Sometimes, in the post-midnight hours of his nights, Henry’s old friend still came to visit, but when it did, he simply sat up in his study with a book in his lap and waited for it to go again. Eventually it always did. Eventually the sun always came up. The sleep you didn’t get one night sometimes came to you on the next, and then it came like a lover. This was something he’d learned since last November.

He was drinking a beer on the porch of Jonesy and Carla’s cottage in Ware, the one on the shore of Pepper Pond. The south end of the Quabbin Reservoir was about four miles northwest of where he sat. And East Street, of course.

The hand holding the can of Coors only had three fingers. He’d lost the two on the end to frostbite, perhaps while skiing out the Deep Cut Road from Hole in the Wall, perhaps while dragging Jonesy back to the remaining Humvee on a lashed-together travois. Last fall had been his season to drag people through the snow, it seemed, and with mixed results.

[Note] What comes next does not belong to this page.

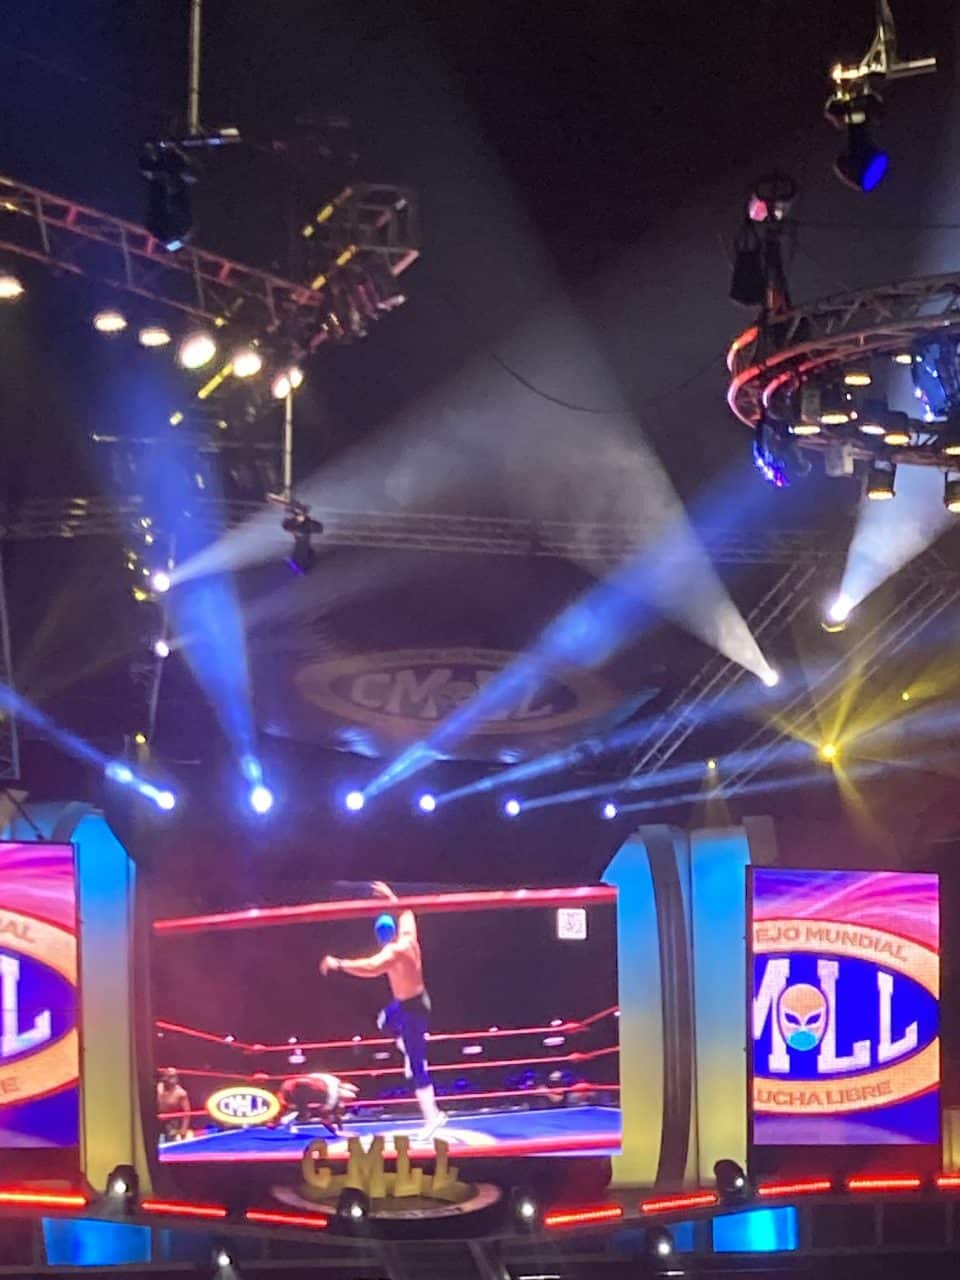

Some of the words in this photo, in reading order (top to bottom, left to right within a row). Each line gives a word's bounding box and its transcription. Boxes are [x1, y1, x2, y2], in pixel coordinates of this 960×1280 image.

[805, 928, 908, 962] MUNDIAL
[826, 1081, 893, 1106] LIBRE
[301, 1135, 459, 1198] CMLL

Near the little scrape of beach, Carla Jones was tending a barbecue. Noel, the baby, was toddling around the picnic table to her left, diaper sagging. He was waving a charred hot dog cheerily in one hand. The other three Jones kids, ranging in ages from eleven to three, were in the water, splashing around and yelling at each other. Henry supposed there might be some value to that Biblical imperative about being fruitful and multiplying, but it seemed to him that Jonesy and Carla had taken it to absurd lengths.